Il miele poi usato come dolcificante e antiossidante aveva un riconosciuto potere curativo, vero farmaco e "nettare e degli dei", così lo definivano i greci.
L'ape regina, ritenuta il loro re, era l'immagine della regalità e il faraone d'Egitto, adorato quale incarnazione del dio Horo, figlio di Osiride e di Iside, tra i tanti titoli che aveva come "nome del trono" o "praenomen" del vero e proprio nome era costituito da un giunco fiorito e un'ape, il "(i)nesut-bity", simboli, rispettivamente, dell'Alto e del Basso Egitto per dire "re di tutto l'Egitto".



(i)nesut-bity

Nelle tombe di faraoni spesso si sono trovati vasi colmi di cera e di miele.
Quando aprirono la tomba del Faraone Tutankàmon, trovarono delle anfore piene di miele preservatosi dopo oltre 3000 anni.
In Egitto i papiri di Ebers e di Smith, 1700 a.C., confermano uso di miele e cera d'api come medicina, usata per curare varie malattie compresa impotenza e sterilità e ustioni molto gravi con una amalgama di miele e latte coagulato applicata sulle lesioni con una benda di cotone.

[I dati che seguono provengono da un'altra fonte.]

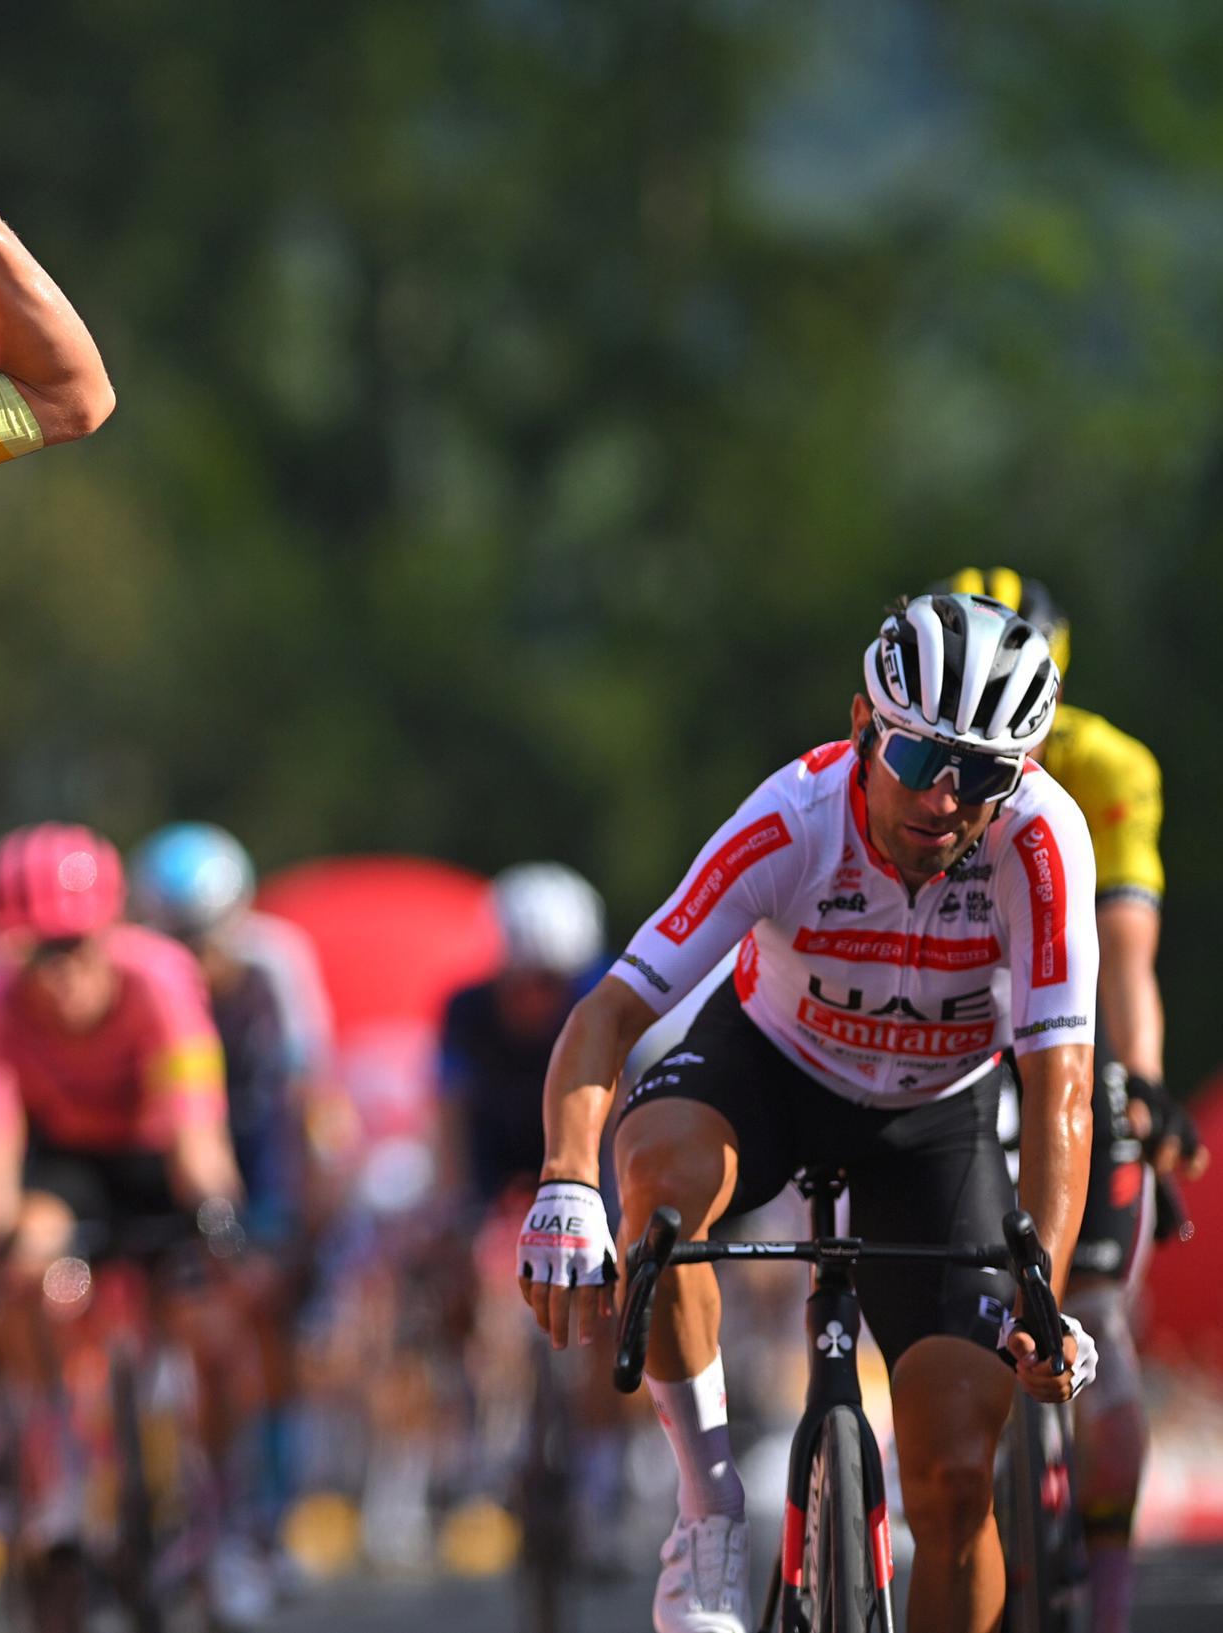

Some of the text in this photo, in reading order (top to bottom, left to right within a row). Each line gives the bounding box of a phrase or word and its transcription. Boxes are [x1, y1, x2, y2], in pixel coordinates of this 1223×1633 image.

[835, 938, 903, 958] Energa
[809, 974, 992, 1022] UAE
[804, 1004, 989, 1056] Emirates
[529, 1214, 586, 1234] UAE

Il miele, infine, è usato in vari cosmetici curativi della pelle.
Nell'antica Grecia Zeus fu chiamato anche Melisseo, perché da piccolo era stato nutrito dalle api di Creta, cui aveva poi donato il colore dell'oro.
Melissa fu la ninfa di quella mitologia che ebbe da Rea, madre di Zeus, il compito di nutrirlo con il miele, mentre la capra Amaltea lo allattava, quindi, latte e miele era il cibo con cui si formò Zeus prima di diventare il capo di tutti gli dei.



La ninfa Melissa

Ape in ebraico è "deborah" molto simile al termine "debar" usato anche per indicare la Parola divina, da DBR discorso, onde simboleggia eloquenza e intelligenza.
Come la parola "debar" è "di aiuto dentro la testa " o "s'insinua () in testa " l'ape "deborah" "aiuto dentro porta con il corpo nei campi (sottinteso impollinando)".
Miele depositato dalle api è chiamato "debosh" "aiuto che dentro accende - illumina - risorge ".

Al proposito è da ricordare l'episodio in cui Gionata "...intinse nel favo di miele, poi riportò la mano alla bocca e i suoi occhi si rischiararono." (1Samuele 27,14) ossia riebbe come nuova vita.
Il miele, quindi, fa nascere pensieri di risurrezione e di apporto d'illuminazione e di crescita in sapienza e conoscenza.

C'è, quindi, uno stretto collegamento tra parola, api e miele e se ci si riferisce alla Parola di Dio da questa escono come api che producono cera e miele.
Per i Cristiani la Parola di Dio è il Cristo e dal suo costato aperto con acqua e sangue ha partorito secondo i Padri la nuova Eva, la Chiesa.
Ecco che negli Exultet pasquali la Chiesa è spesso rappresentata come uno sciame d'api che esce dal costato di Cristo.

La cera è "donag" (Michea 1,4; Salmo 22,15 e 97,5) "aiuto reca con l'energia che scorre " e come pensiero teologico “l’essere impuro () per l’energia fugge " o anche "per l'aiuto recato l'angelo (ribelle) fugge ".
Candela è come lume o fiaccola, "ner" , elemento che emette "energia dal corpo - dalla testa ".

Dice Proverbi 20,27 "Lo spirito dell'uomo è una fiaccola (candela) del Signore che scruta tutti i segreti recessi del cuore" ove spirito qui è la "nishmat" che Dio soffiò ad Adamo in Genesi 2,7, l'anima speciale che non hanno le altre creature.